If the complex function $f(z)$ is complex differentiable $\Rightarrow$ the Cauchy Riemann equations hold. $($This is because if $f'(z)$ is the same no matter in what direction $\delta z\rightarrow 0$. Choosing the special case of $\delta z\rightarrow 0$ along the real, then the imaginary, line yields the Cauchy Riemann equations, so it is obvious that any differentiable function will satisfy them$)$.
However, how is demonstrating that $f'(z)$ is the same for two perpendicular paths enough to show that $f'(z)$ is the same for all paths (i.e. how does one go from $\Rightarrow$ to $\Leftrightarrow$)? I have tried explicitly calculating the directional derivatives, but the mess that ensued did not enlighten whatsoever.
I do not know much about linear algebra if that helps in writing answers. Any geometric intuition would be greatly appreciated!
Best Answer
The directional derivative in any direction in $\mathbb{R}^n$ is completely determined by the directional derivative in $n$ linearly independent directions. This somewhat counterintuitive fact follows from linearity of the directional derivative: any vector $v$ can be expressed as $\sum \alpha_i b_i$ where $b_i$ are the linearly independent directions, and then $$Df(v) = \sum \alpha_i Df(b_i).$$
In the case of $\mathbb{R}^2$, if the directional derivative of two functions agree in two directions, they must agree in all directions.

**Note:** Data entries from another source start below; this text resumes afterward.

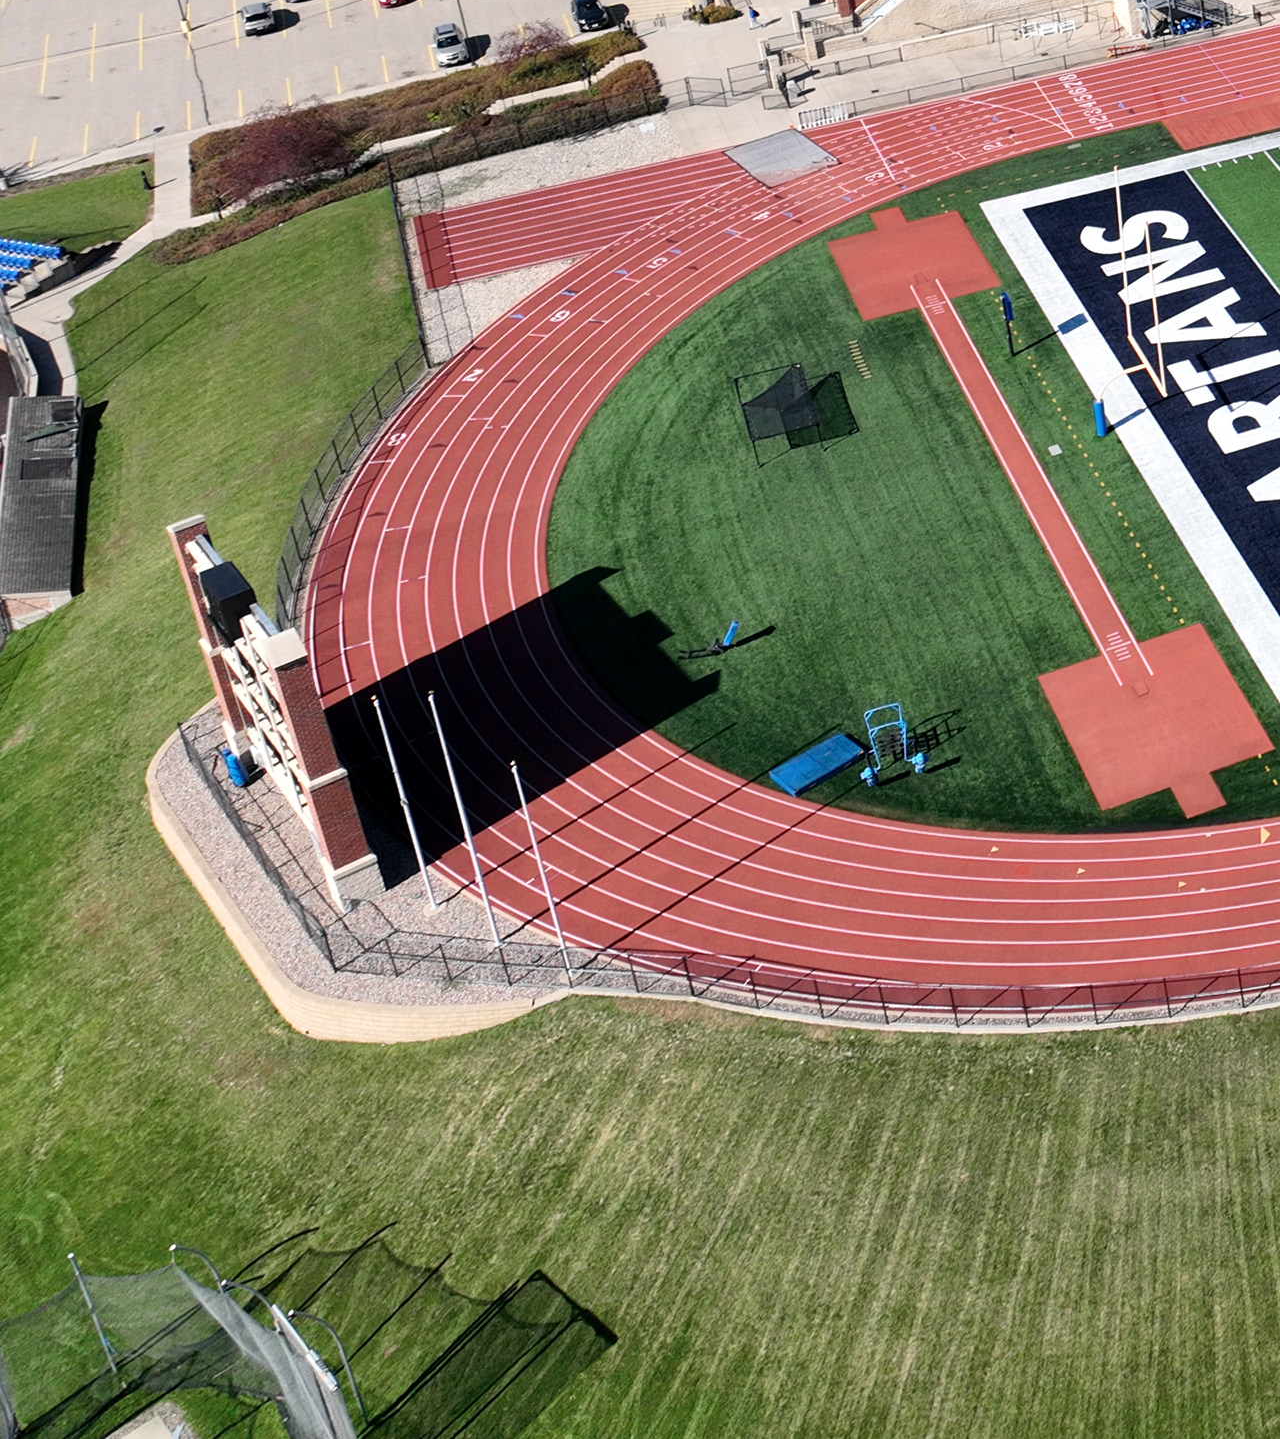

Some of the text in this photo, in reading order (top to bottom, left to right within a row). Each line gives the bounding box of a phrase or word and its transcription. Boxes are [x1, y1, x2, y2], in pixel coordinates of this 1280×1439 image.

[647, 256, 668, 269] 5
[549, 309, 571, 323] 6
[388, 432, 407, 447] 8
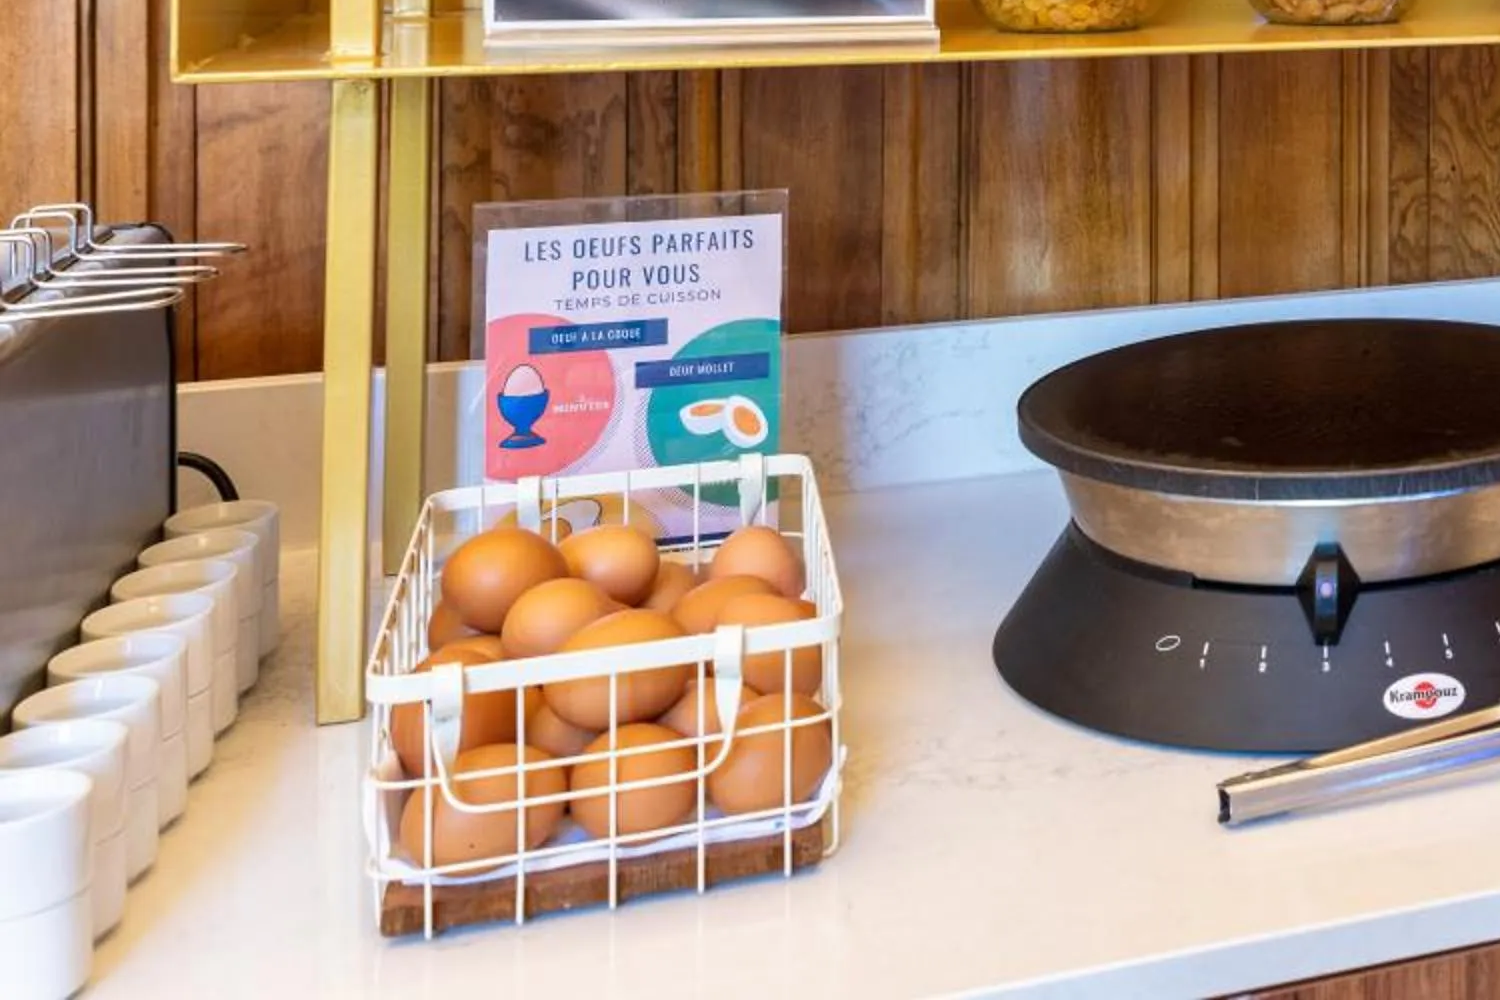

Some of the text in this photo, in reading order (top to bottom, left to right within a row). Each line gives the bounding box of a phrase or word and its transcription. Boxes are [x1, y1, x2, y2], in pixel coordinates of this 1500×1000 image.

[524, 229, 754, 262] LES OEUFS PARFAITS
[572, 264, 700, 291] POUR VOUS
[554, 289, 722, 310] TEMPS DE CUISSON
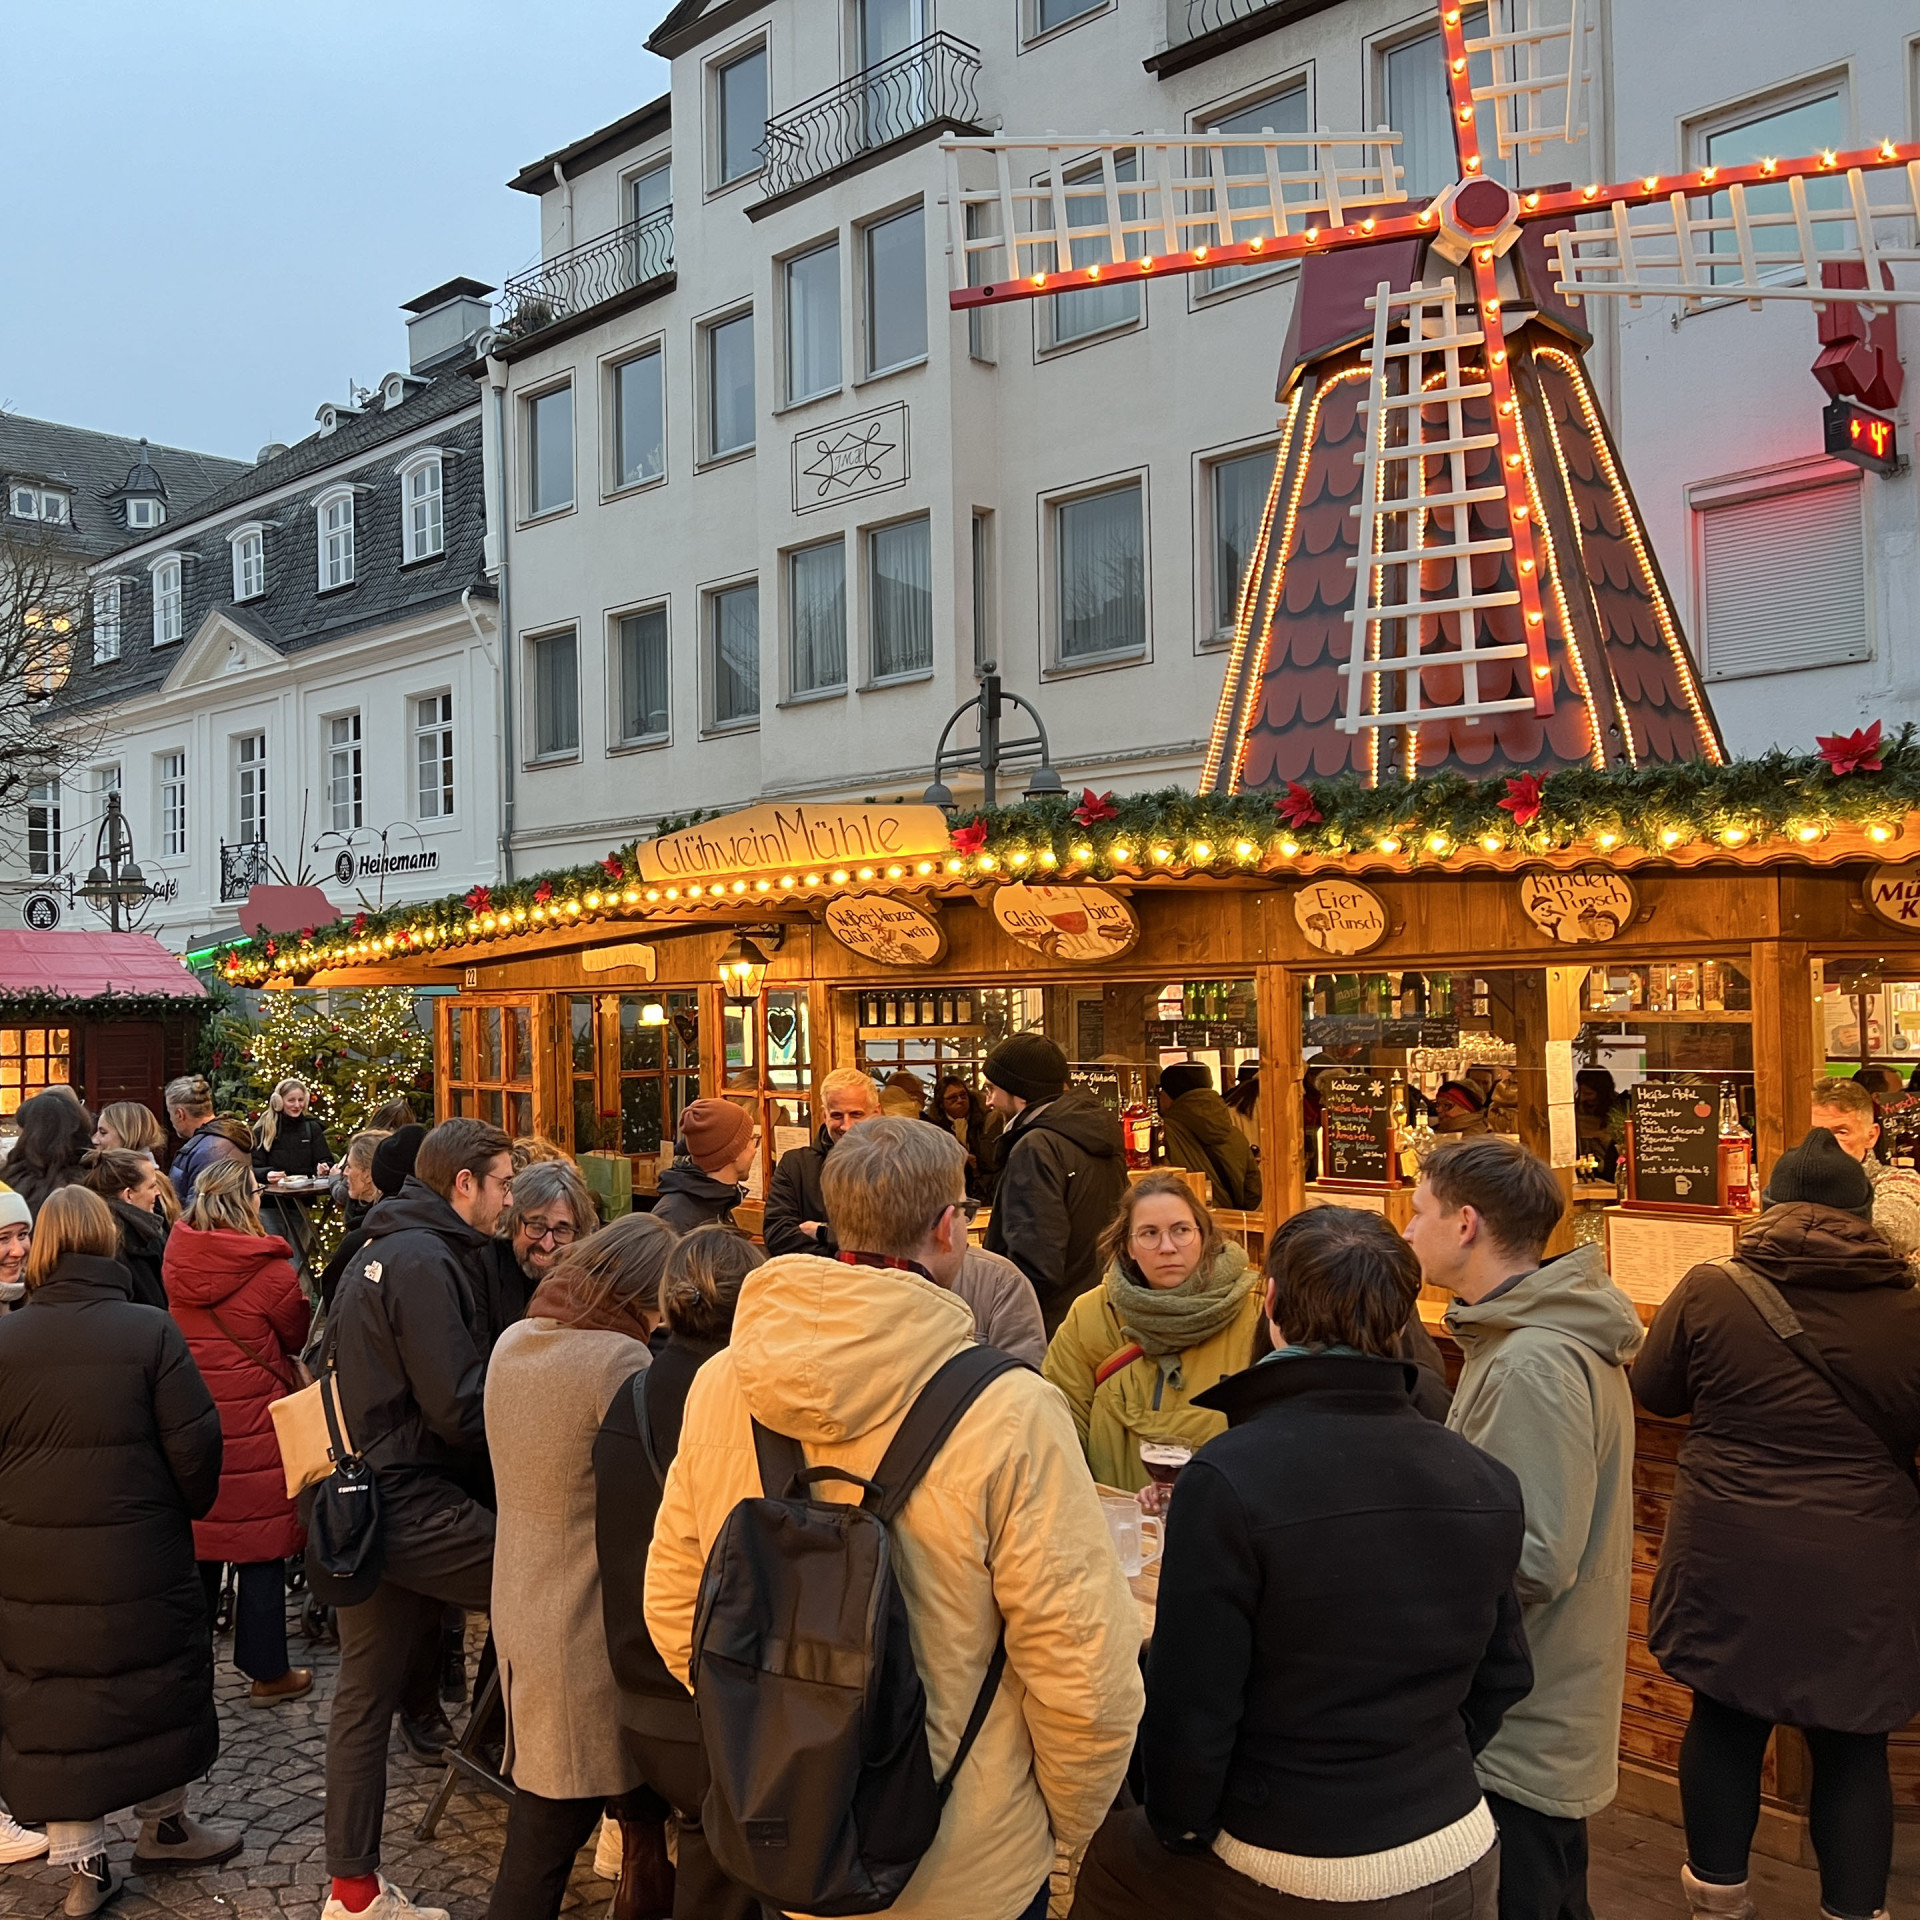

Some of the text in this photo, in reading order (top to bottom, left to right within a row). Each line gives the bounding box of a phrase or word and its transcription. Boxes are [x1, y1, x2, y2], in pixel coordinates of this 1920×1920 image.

[358, 851, 437, 876] Heinemann
[152, 878, 178, 903] Café
[1530, 868, 1616, 893] Kinder
[1315, 888, 1364, 909] Eier
[1556, 885, 1628, 911] Punsch
[869, 907, 917, 922] Winzer
[1003, 902, 1120, 928] Glüh bier
[1327, 910, 1382, 929] Punsch
[838, 925, 935, 944] Glüh wein
[466, 969, 476, 985] 22
[1331, 1080, 1361, 1091] Kakao
[1640, 1118, 1658, 1126] Gin
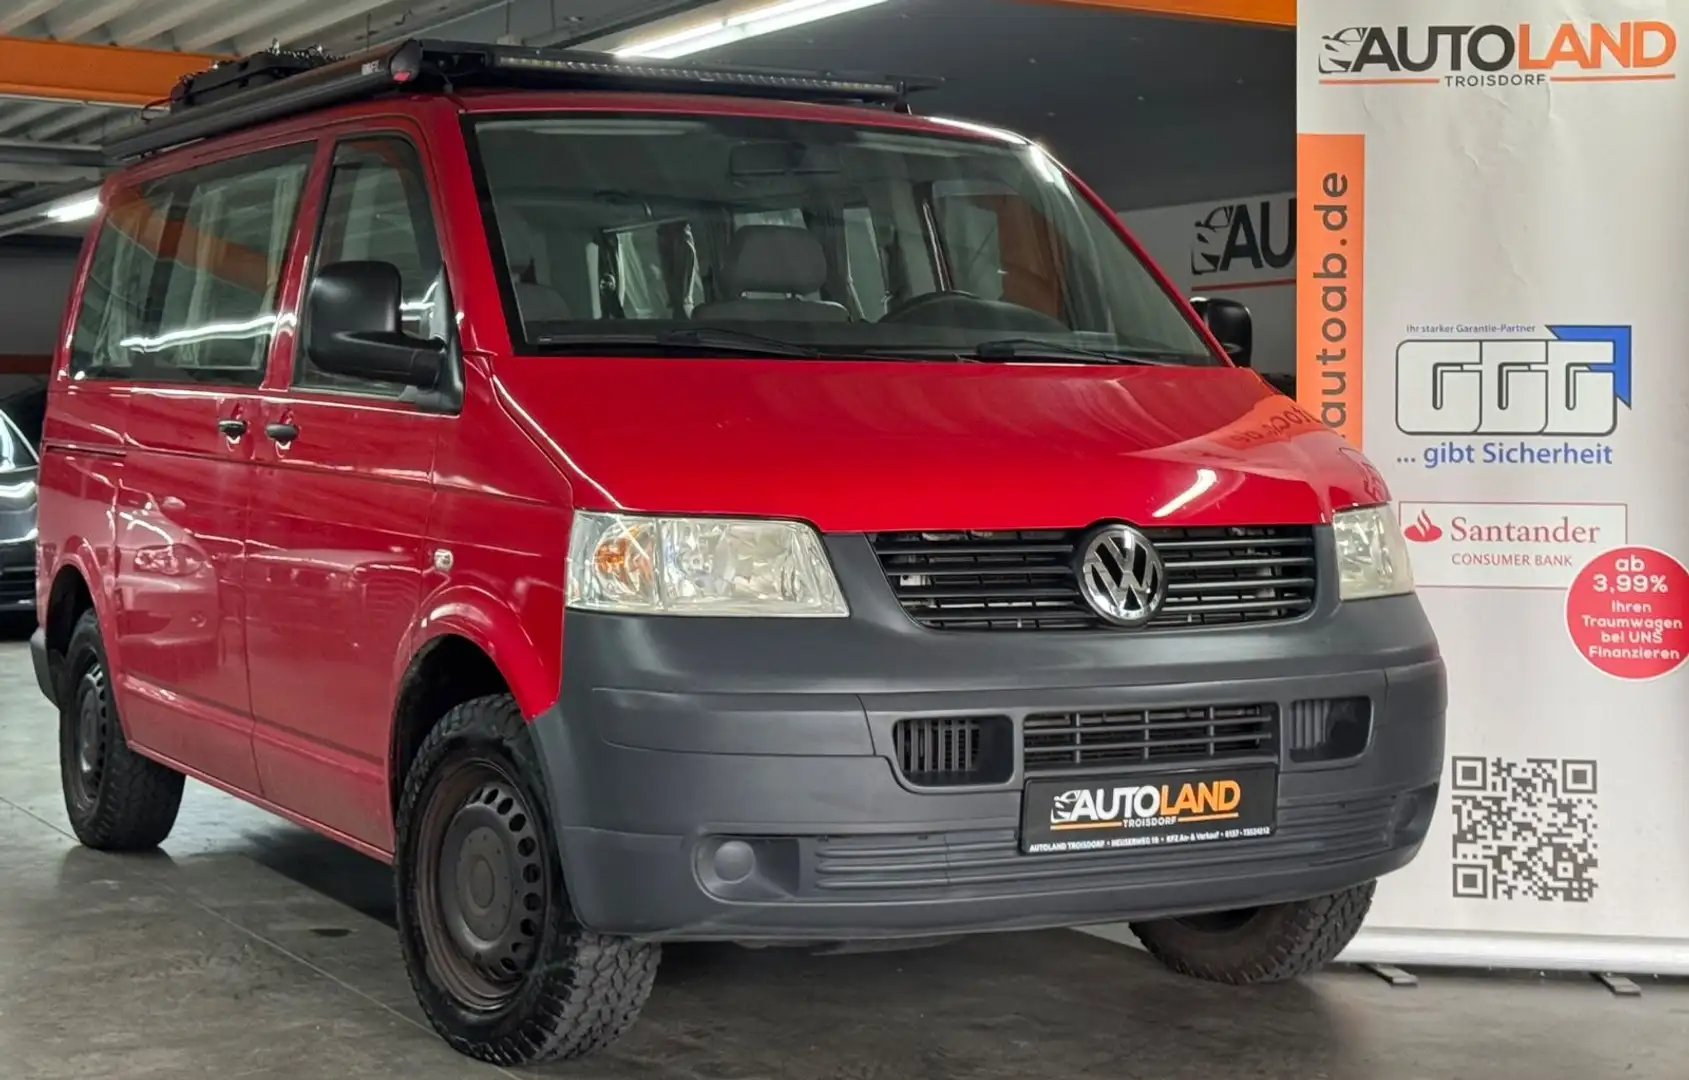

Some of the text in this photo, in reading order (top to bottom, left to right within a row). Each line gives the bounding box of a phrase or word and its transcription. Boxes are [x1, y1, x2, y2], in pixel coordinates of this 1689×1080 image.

[1351, 21, 1677, 72] AUTOLAND
[1444, 74, 1547, 87] TROISDORF
[1406, 324, 1536, 333] Ihr starker Garantie-Partner
[1423, 442, 1475, 468] gibt
[1482, 442, 1613, 464] Sicherheit
[1450, 516, 1601, 543] Santander
[1451, 554, 1573, 568] CONSUMER BANK
[1615, 555, 1645, 572] ab
[1592, 574, 1668, 594] 3,99%
[1611, 600, 1652, 613] Ihren
[1582, 615, 1683, 633] Traumwagen
[1601, 630, 1664, 644] bei UNS
[1589, 645, 1680, 660] Finanzieren
[1069, 780, 1241, 821] AUTOLAND
[1122, 816, 1177, 828] TROISDORF
[1029, 842, 1067, 852] AUTOLAND
[1068, 840, 1105, 850] TROISDORF
[1196, 831, 1219, 840] Verkauf

This same phenomenon also explains why the curvature of a surface in $\mathbb{R}^3$ is completely determined by the two principle curvatures, why the bending stiffness of a rod with non-circular cross section is completely determined by the bending stiffness in two directions, etc.
EDIT: You asked me for geometry and I gave you a bunch of linear algebra, so let me say a bit more from a geometric perspective. A function $f:\mathbb{R}^2\to \mathbb{R}$ has its first derivatives at a point determined by its tangent plane at that point. If you know two lines contained in that plane (which is what the two directional derivatives tell you) then you know the entire plane, since it passes through the point in question, and has as its normal the cross product of those two lines.
If you think of a complex function as $f:\mathbb{R}^2\to \mathbb{R}^2$, nothing much changes, since the tangent-plane interpretation applies to each component of $f$.